Youth subminimum wages The subminimum wage for youth is generally understood to be a training wage—reflecting the lack of experience of teen workers--and also an incentive to provide additional jobs for teens. The subminimum creates perverse incentives to substitute teens from non-poor families for incumbent adult workers who might be supporting a household. Moreover, the labor supply of teens might be greater without a subminimum wage, contrary to the intention to encourage teen employment (Giuliano 2013). In any case, employer take-up of the youth minimum wage is extremely low (Card and Krueger (1995), perhaps because of administrative complexities of compliance. These considerations suggest that the federal youth subminimum wage is not accomplishing its intended purpose.

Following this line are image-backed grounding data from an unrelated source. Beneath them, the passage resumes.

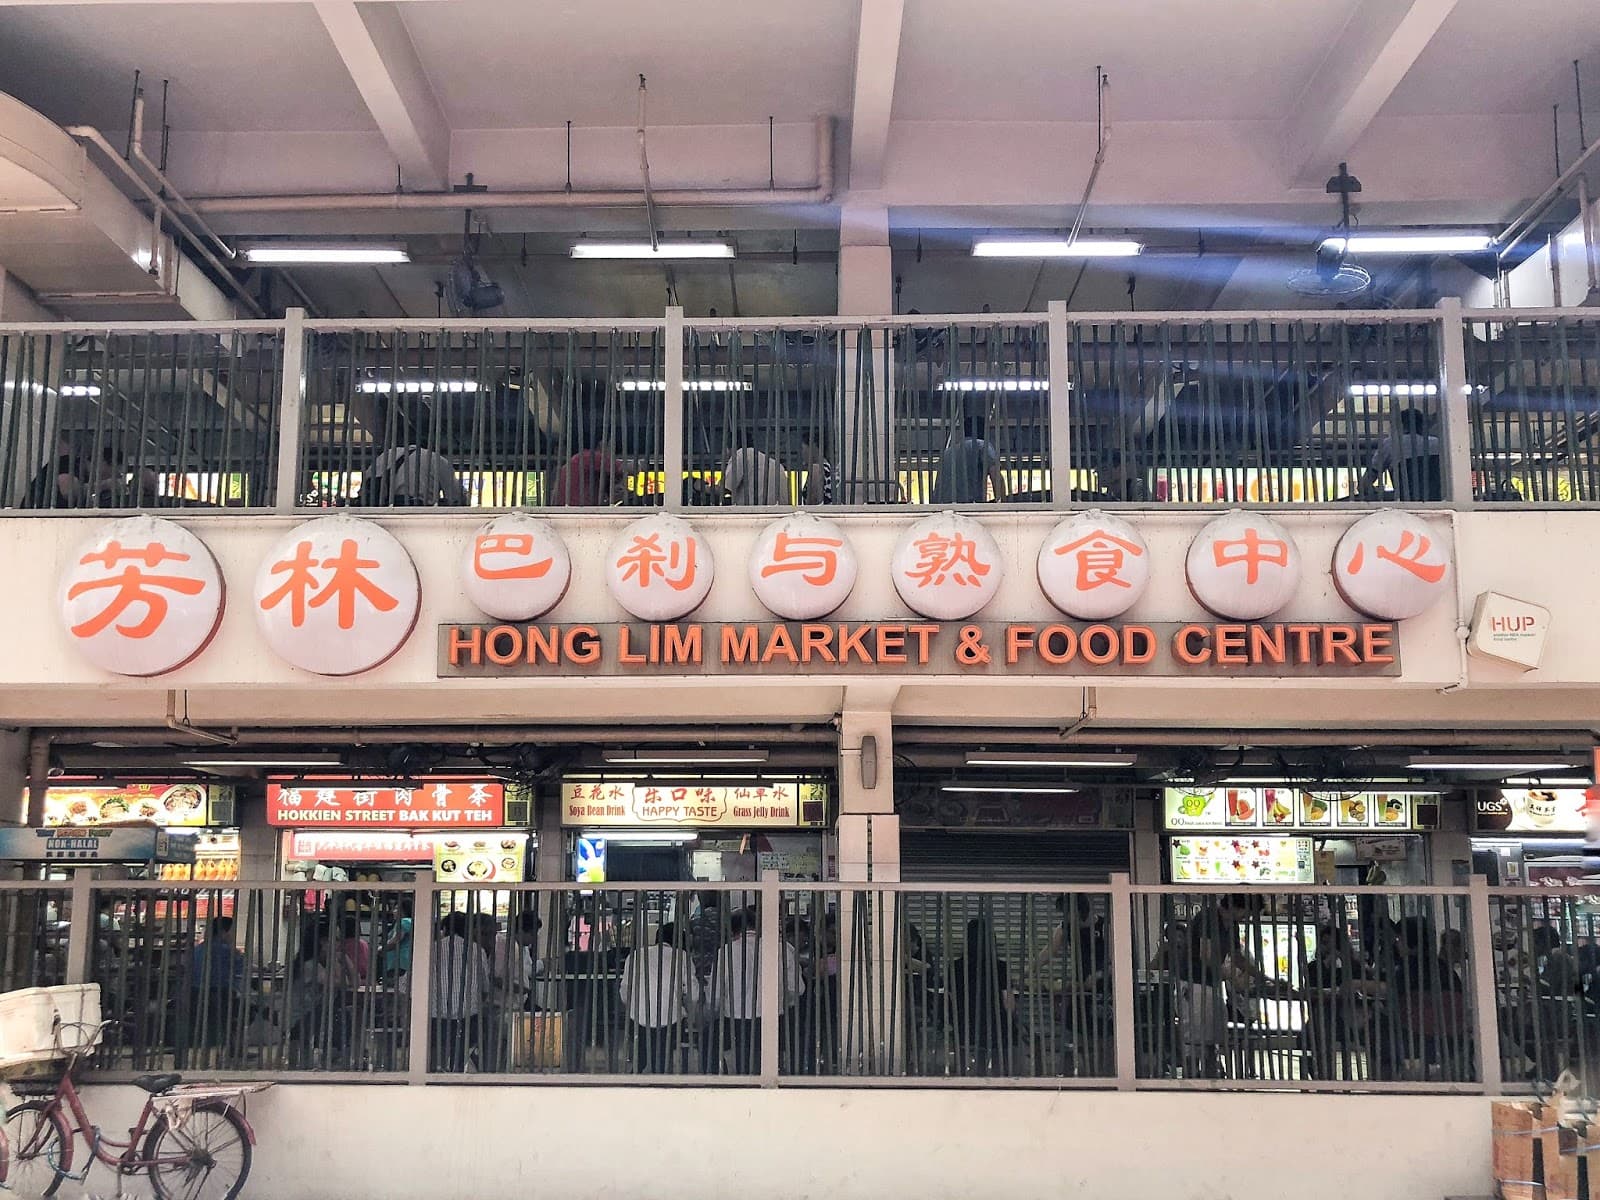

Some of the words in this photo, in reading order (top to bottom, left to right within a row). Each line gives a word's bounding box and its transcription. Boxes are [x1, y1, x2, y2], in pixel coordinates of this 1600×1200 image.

[1491, 616, 1536, 632] HUP
[448, 624, 601, 665] HONG
[618, 624, 703, 664] LIM
[720, 623, 941, 664] MARKET
[956, 624, 991, 664] &
[1005, 624, 1157, 664] FOOD
[1174, 623, 1396, 664] CENTRE
[571, 784, 625, 800] 豆花水
[643, 786, 716, 804] 乐口味
[733, 785, 790, 802] 仙草水
[277, 809, 342, 822] HOKKIEN
[345, 809, 396, 822] STREET
[398, 809, 430, 822] BAK
[432, 809, 462, 822] KUT
[464, 809, 493, 822] TEH
[569, 805, 585, 817] Soya
[587, 805, 605, 816] Bean
[606, 805, 626, 816] Drink
[642, 806, 680, 817] HAPPY
[683, 806, 718, 817] TASTE
[733, 806, 752, 818] Grass
[753, 806, 769, 819] Jelly
[770, 806, 790, 818] Drink
[47, 837, 99, 850] NON-HALAL

8. IMPORTANT DOWNSTREAM EFFECTS ON HEALTH, EDUCATION AND PARENTING

The effects of minimum wages on “downstream” outcomes represent a relatively new area of research. In recent years, over three dozen papers have examined the effects of minimum wages on twenty different health outcomes.18 On the whole, these studies find beneficial effects and no consistent evidence of harmful effects. However, not all of this literature meets the standards of the credibility revolution in economics. The studies that do pass the tests of the credibility revolution find beneficial effects on smoking rates, obesity, suicides, health-related absenteeism from work, and as well as on child maltreatment (Raisian and Bullinger 2017).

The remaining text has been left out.